Jenny S. Wong, Elizabeth Iorns, Michelle N. Rheault, Toby M. Ward, Priyanka Rashmi, Ursula Weber, Marc E. Lippman, Christian Faul, Marek Mlodzik, Peter Mundel

Research output: Contribution to journalArticlepeer-review

21 Scopus citations

Abstract

Tropomyosins are widespread actin-binding proteins that influence numerous cellular functions including actin dynamics, cell migration, tumour suppression, and Drosophila oocyte development. Synaptopodin is another actin-binding protein with a more restricted expression pattern in highly dynamic cell compartments such as kidney podocyte foot processes, where it promotes RhoA signalling by blocking the Smurf1-mediated ubiquitination of RhoA. Here, we show that synaptopodin has a shorter half-life but shares functional properties with the highly stable tropomyosin. Transgenic expression of synaptopodin restores oskar mRNA localization in Drosophila oocytes mutant for TmII, thereby rescuing germline differentiation and fertility.
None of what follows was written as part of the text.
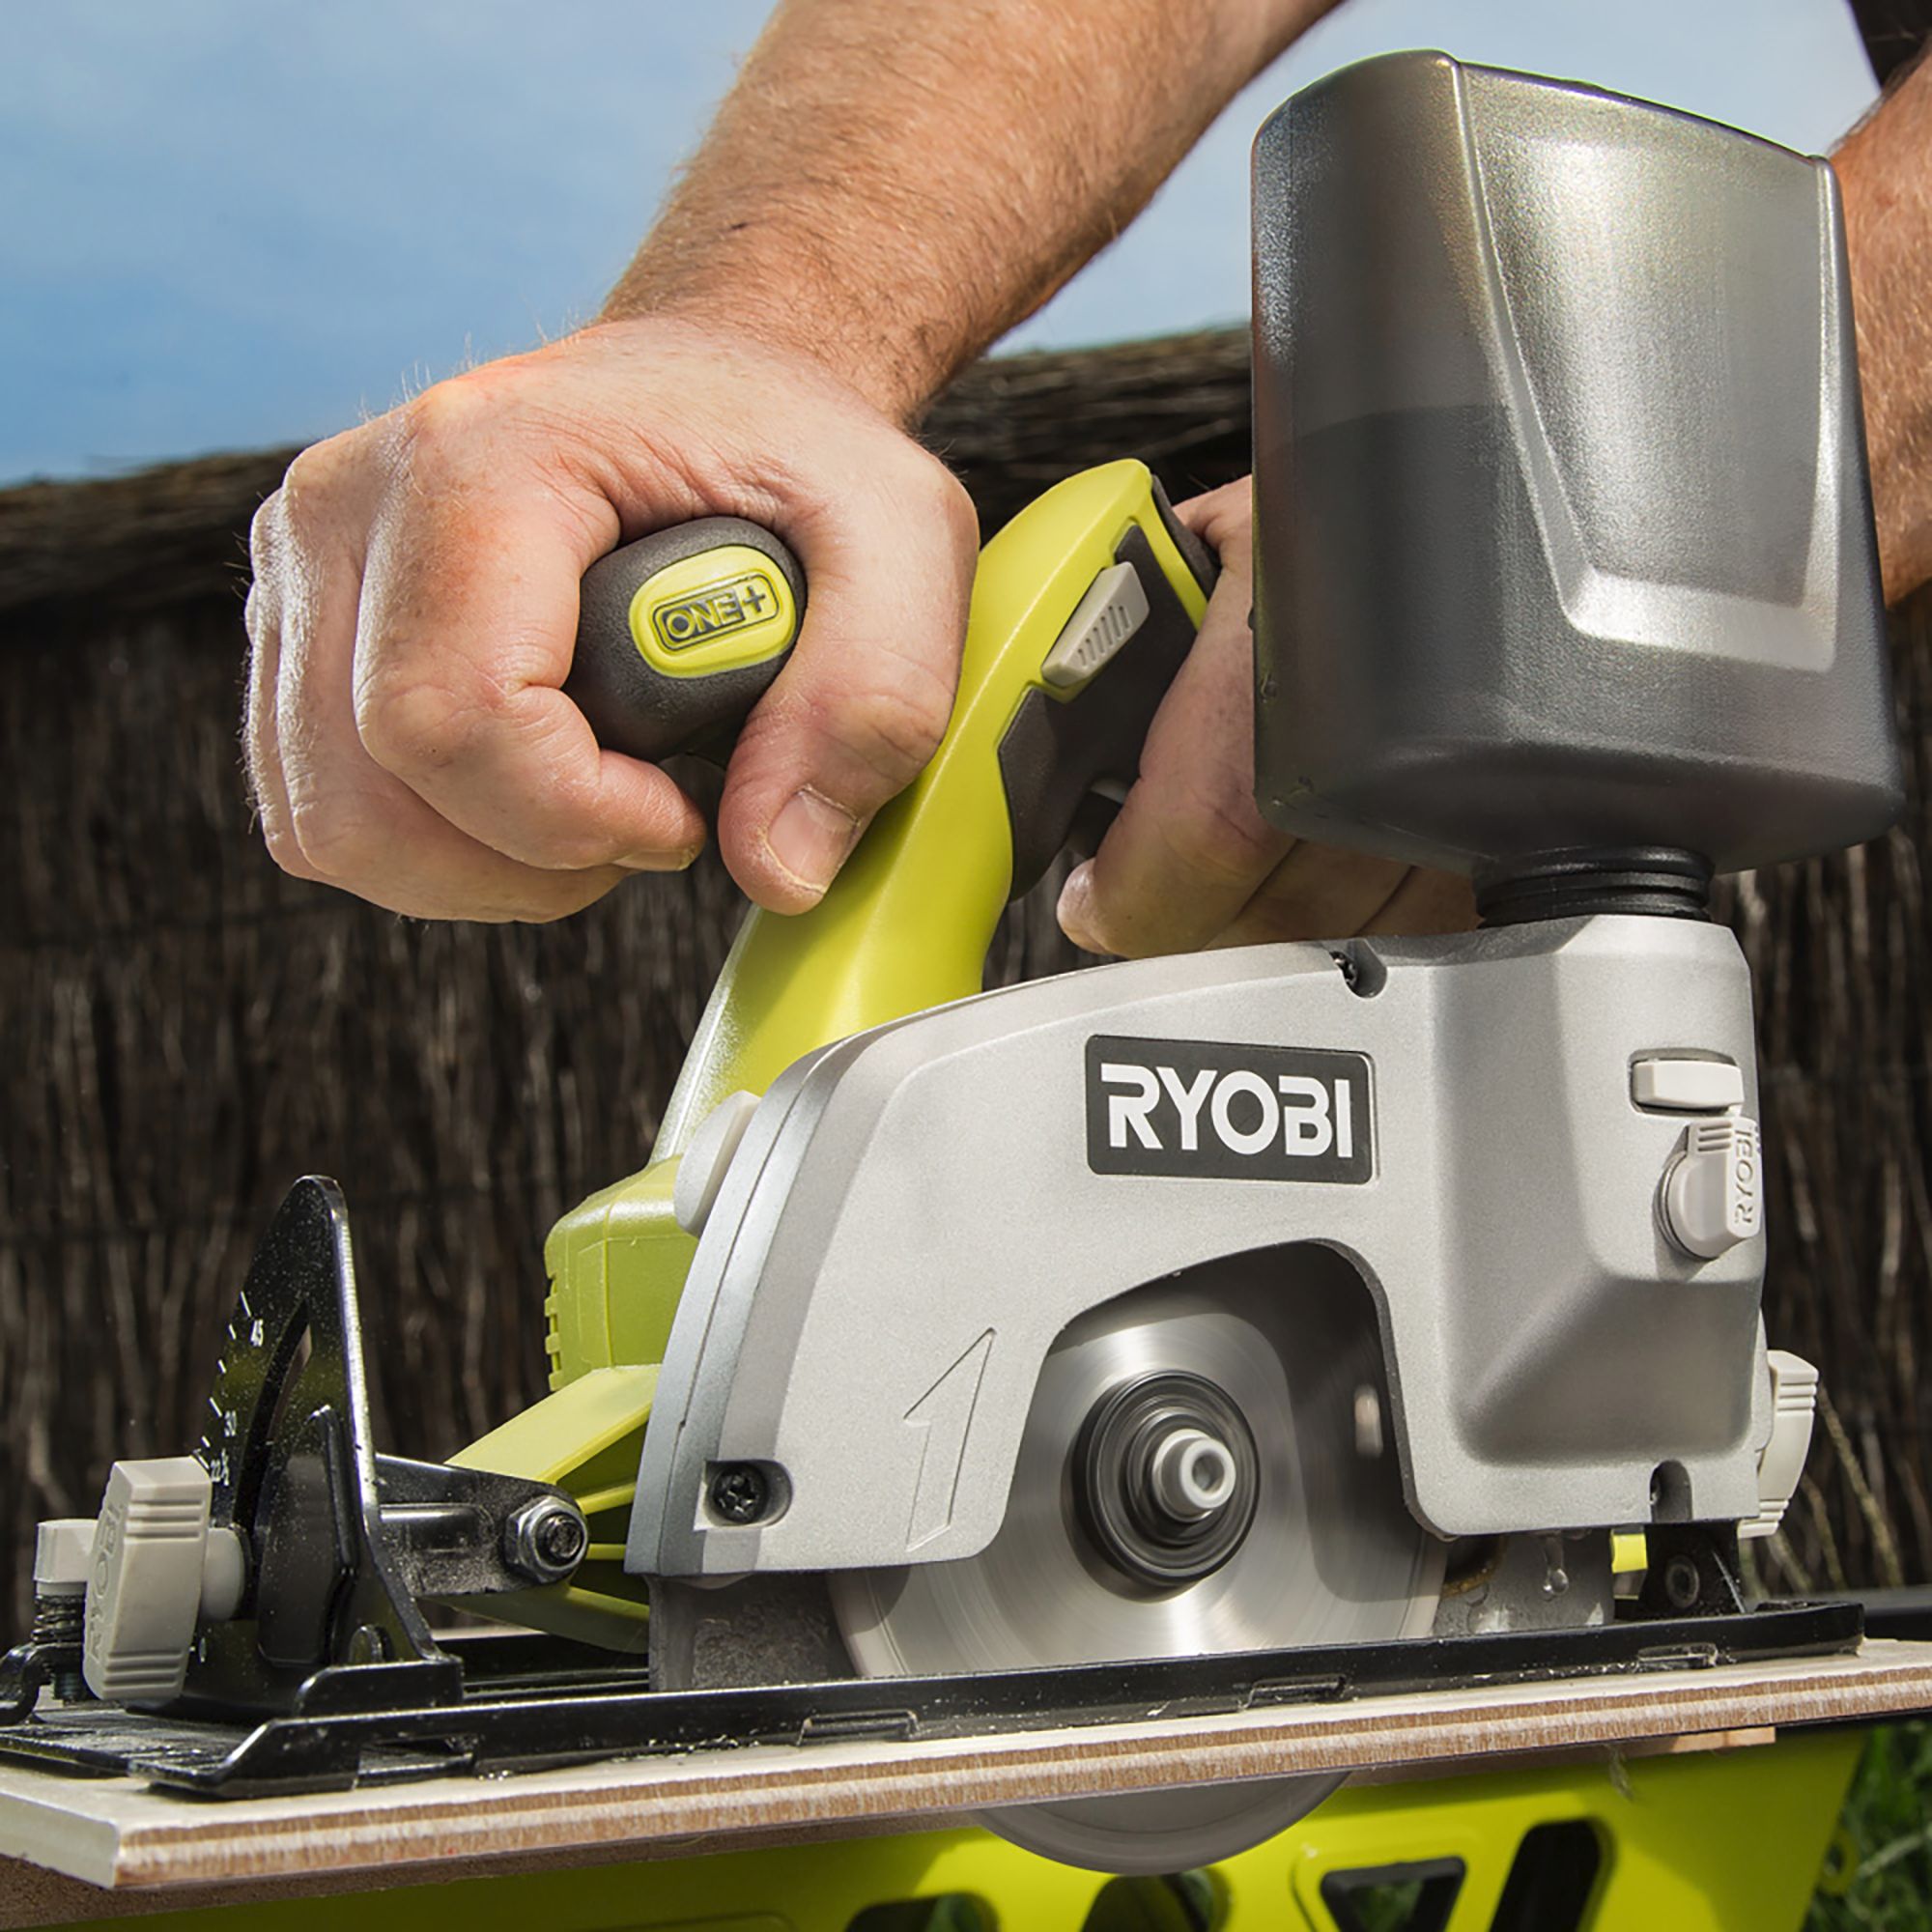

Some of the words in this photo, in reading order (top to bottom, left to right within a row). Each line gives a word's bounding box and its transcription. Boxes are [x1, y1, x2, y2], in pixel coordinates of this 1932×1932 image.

[661, 585, 766, 639] ONE+
[1100, 1062, 1353, 1158] RYOBI
[1735, 1129, 1753, 1224] RYOBI
Synaptopodin restores stress fibres in tropomyosin-deficient human MDA-MB 231 breast cancer cells and TPMα-depleted fibroblasts. Gene silencing of TPMα but not TPMβ causes loss of stress fibres by promoting Smurf1-mediated ubiquitination and proteasomal degradation of RhoA. Functionally, overexpression of synaptopodin or RhoA(K6,7R) significantly reduces MDA-MB 231 cell migration. Our findings elucidate RhoA stabilization by structurally unrelated actin-binding proteins as a conserved mechanism for regulation of stress fibre dynamics and cell motility in a cell type-specific fashion.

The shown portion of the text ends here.